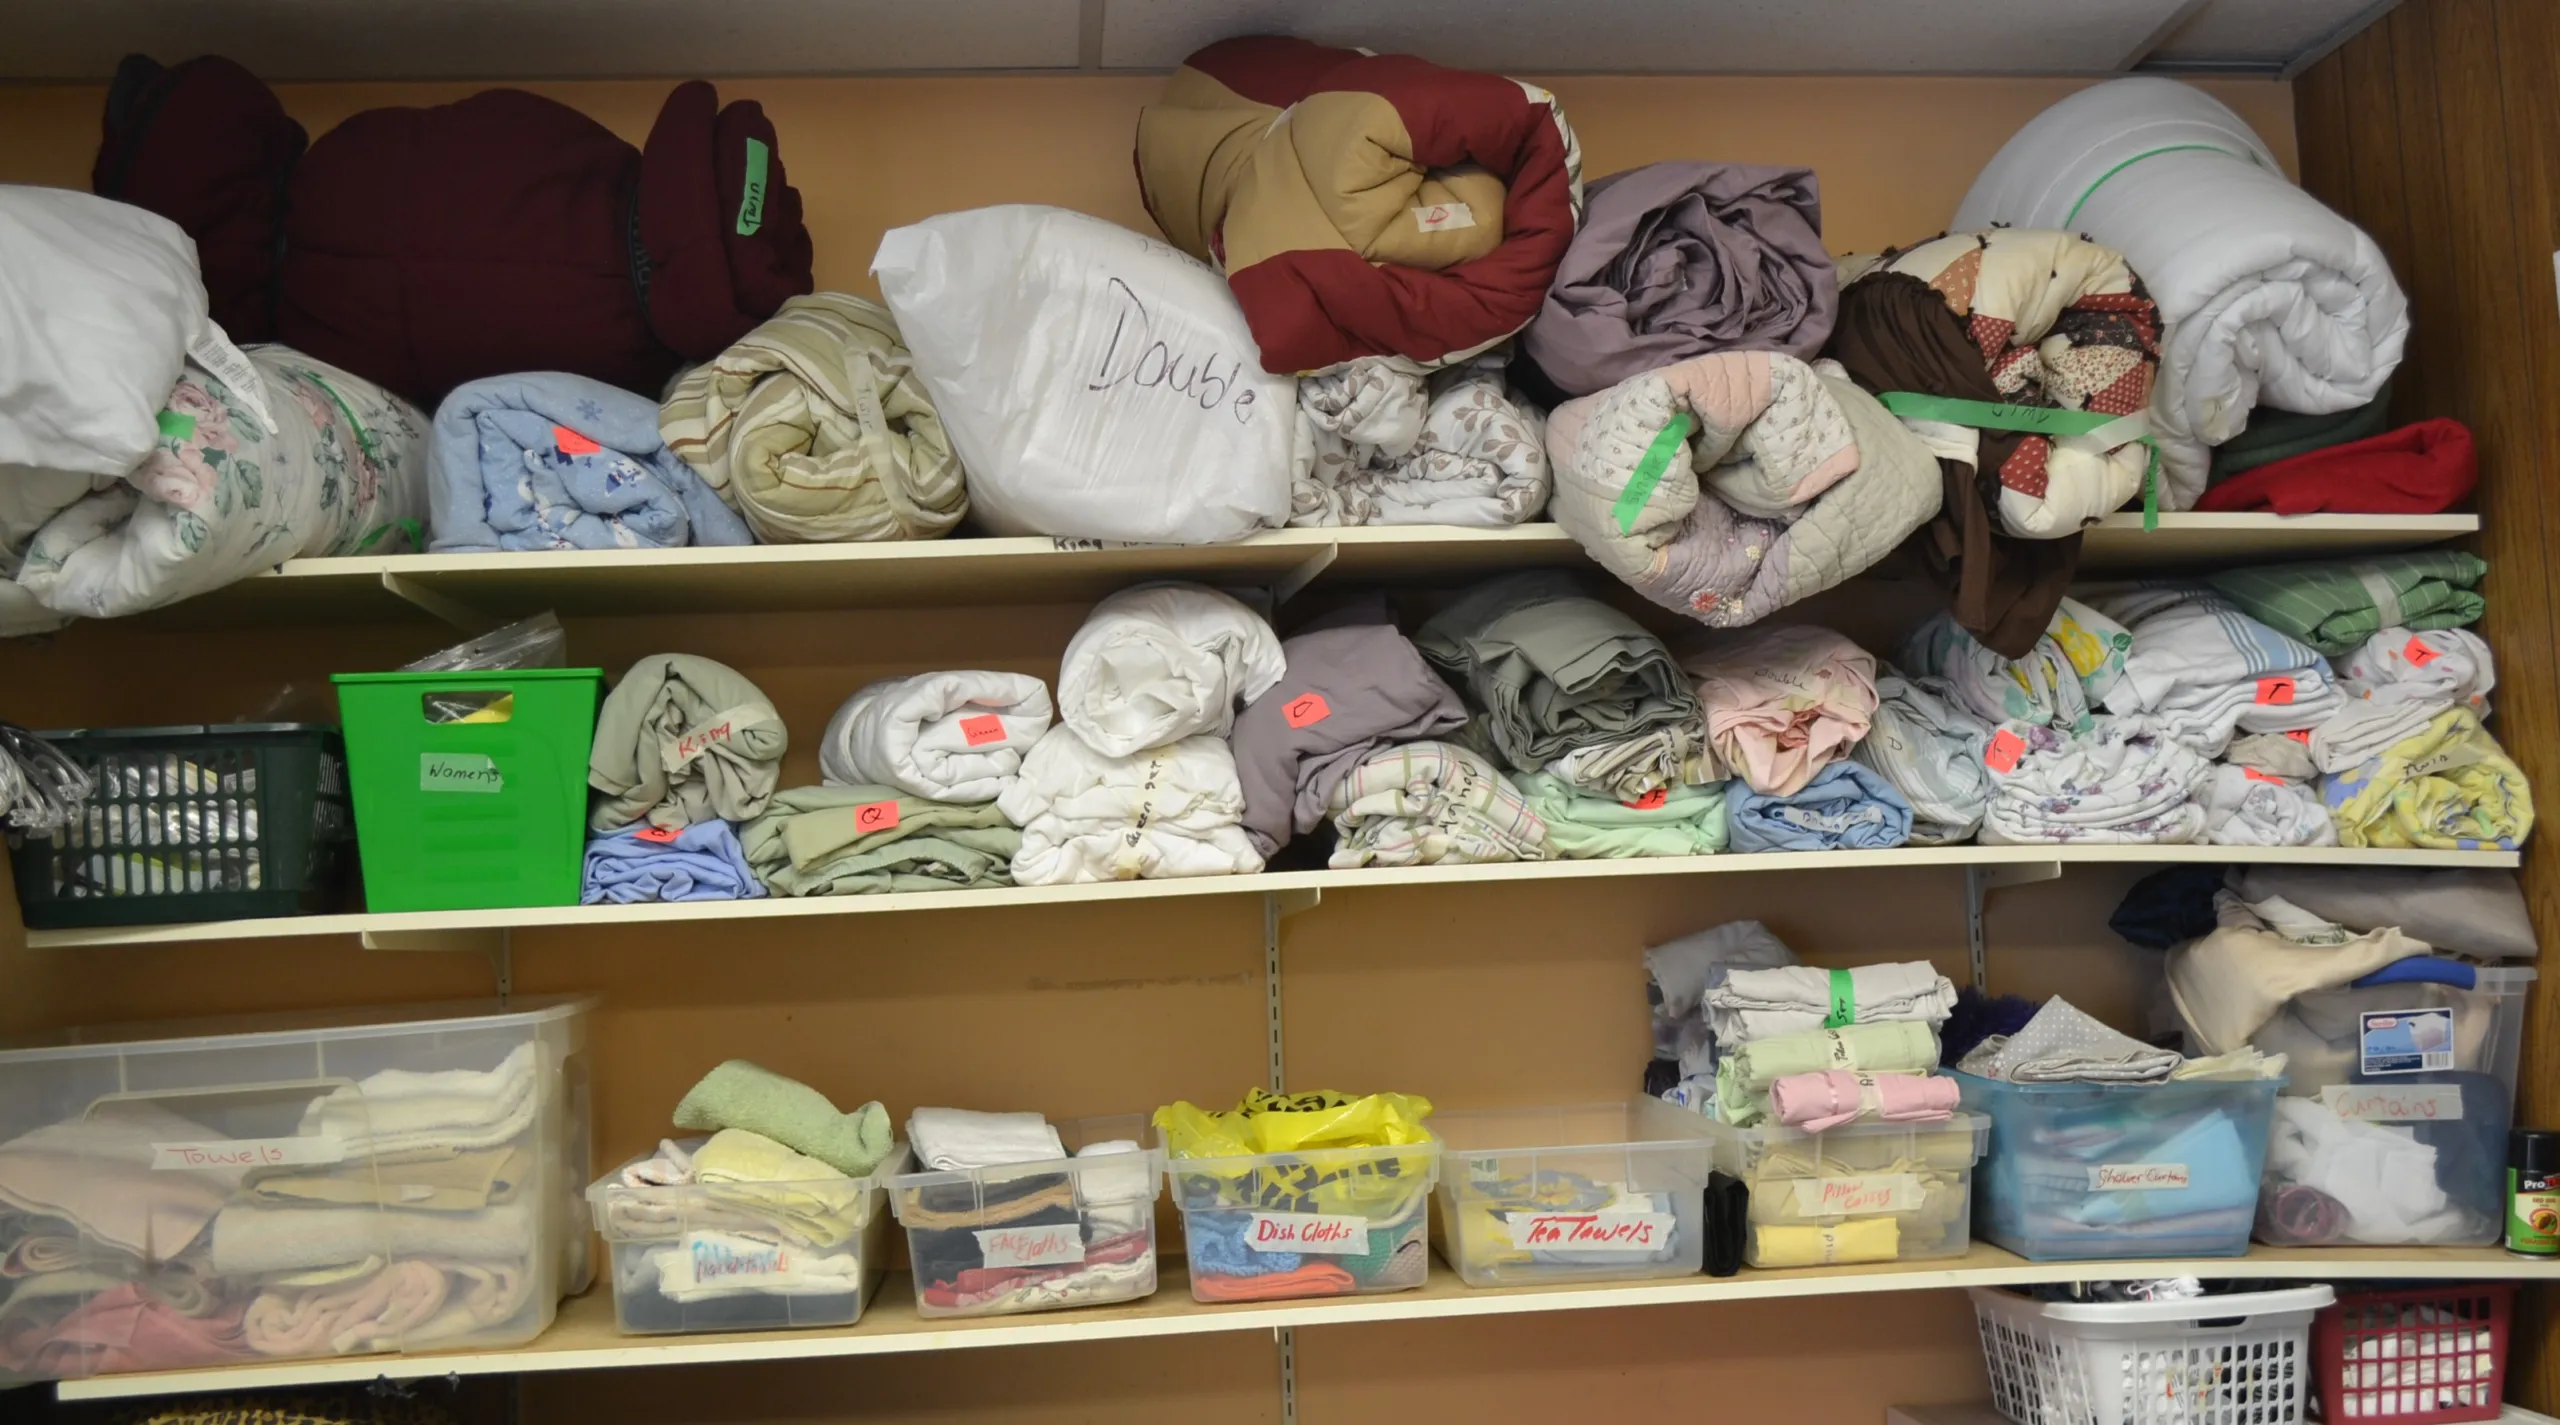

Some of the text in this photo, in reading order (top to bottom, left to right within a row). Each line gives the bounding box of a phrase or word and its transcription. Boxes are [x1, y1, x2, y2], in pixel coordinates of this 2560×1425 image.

[742, 182, 761, 228] Twin
[1425, 206, 1450, 224] D
[1089, 276, 1256, 424] Double
[2268, 682, 2291, 700] T
[678, 720, 733, 760] King
[862, 807, 884, 824] Q
[2335, 1093, 2437, 1118] Curtains
[166, 1146, 284, 1166] Towels
[2096, 1168, 2143, 1188] Shower
[1256, 1219, 1353, 1243] Dish Cloths
[1526, 1215, 1654, 1245] Tea Towels
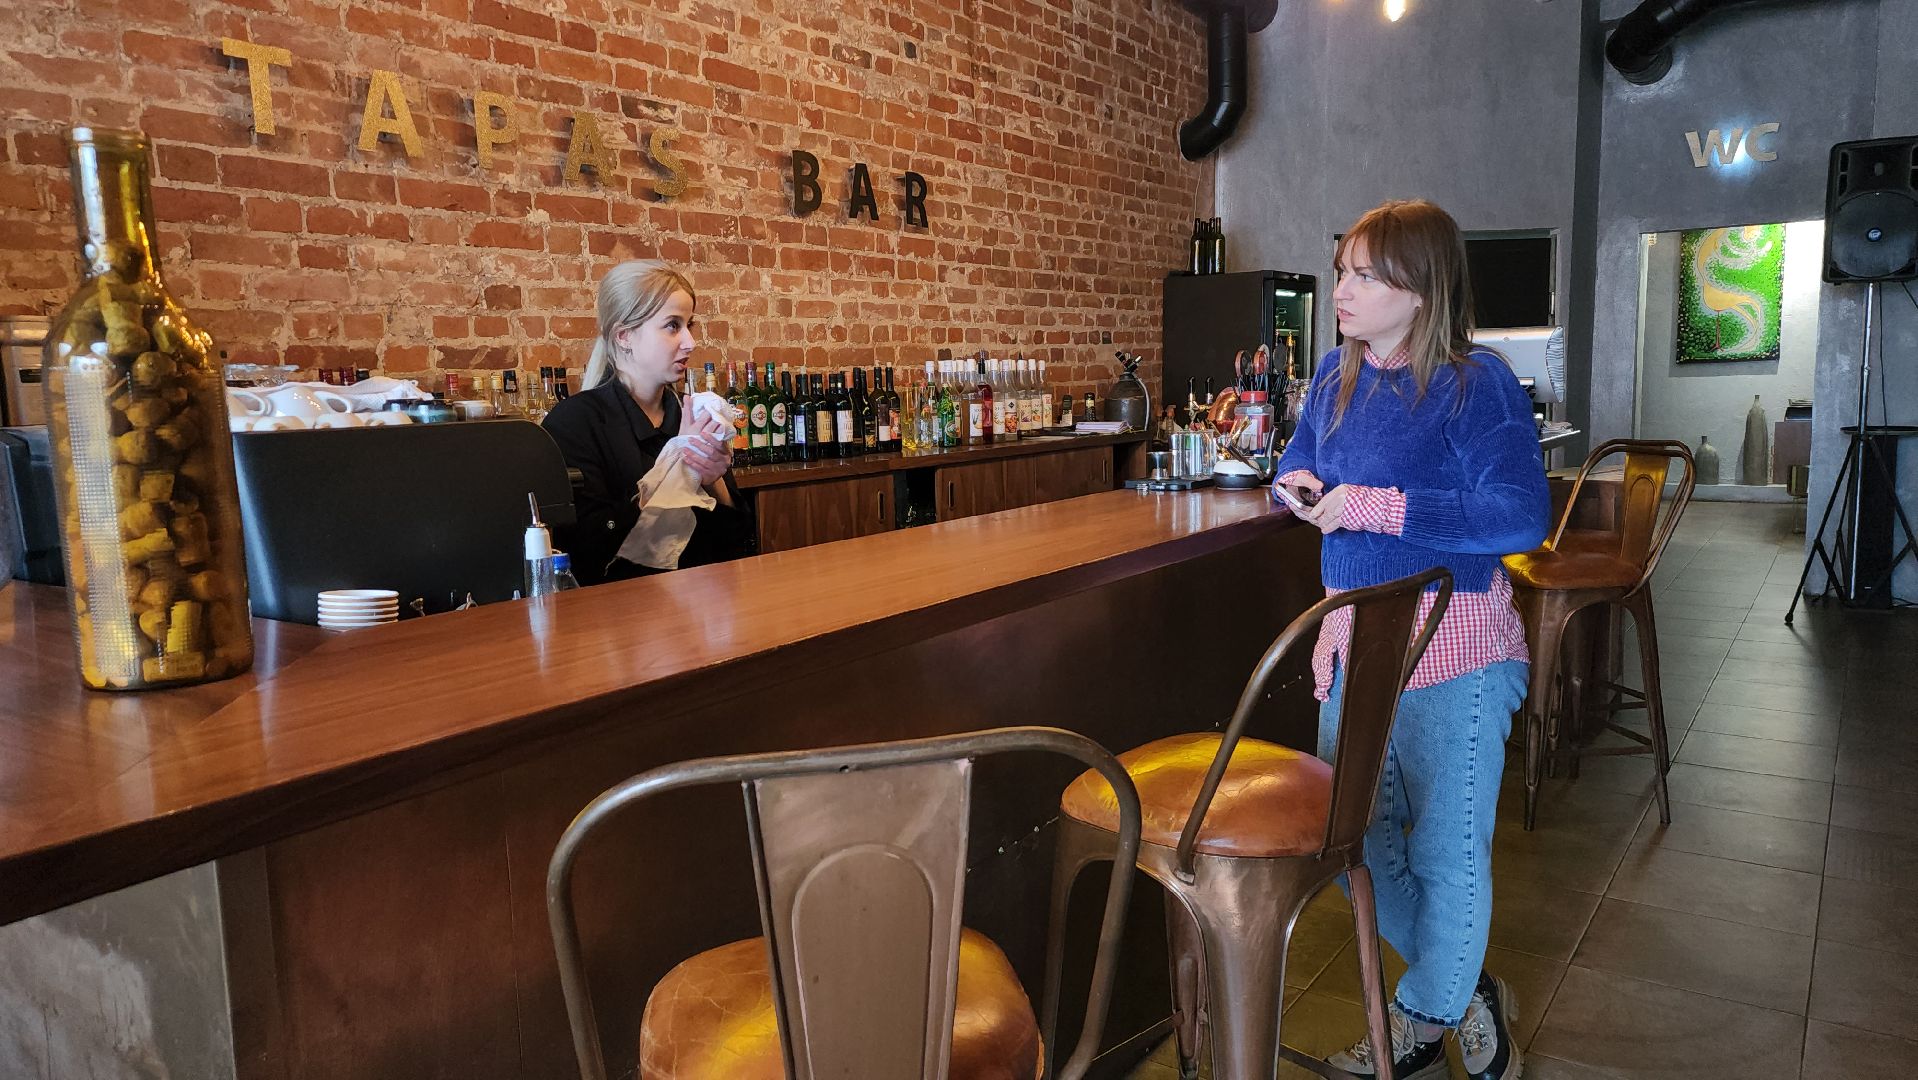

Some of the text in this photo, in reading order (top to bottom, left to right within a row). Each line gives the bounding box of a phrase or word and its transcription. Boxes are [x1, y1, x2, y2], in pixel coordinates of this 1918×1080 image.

[222, 37, 929, 228] TAPAS BAR
[1685, 122, 1780, 168] WC
#####
◆ Instructions for the task:
Print the data again word for word, pictures excluded.

◆ Answer area:
Some of the text in this photo, in reading order (top to bottom, left to right within a row). Each line gives the bounding box of a phrase or word and its transcription. Boxes are [x1, y1, x2, y2], in pixel coordinates of this 2560×1425 image.

[742, 182, 761, 228] Twin
[1425, 206, 1450, 224] D
[1089, 276, 1256, 424] Double
[2268, 682, 2291, 700] T
[678, 720, 733, 760] King
[862, 807, 884, 824] Q
[2335, 1093, 2437, 1118] Curtains
[166, 1146, 284, 1166] Towels
[2096, 1168, 2143, 1188] Shower
[1256, 1219, 1353, 1243] Dish Cloths
[1526, 1215, 1654, 1245] Tea Towels

Some of the text in this photo, in reading order (top to bottom, left to right within a row). Each line gives the bounding box of a phrase or word and its transcription. Boxes are [x1, y1, x2, y2], in pixel coordinates of this 1918×1080 image.

[222, 37, 929, 228] TAPAS BAR
[1685, 122, 1780, 168] WC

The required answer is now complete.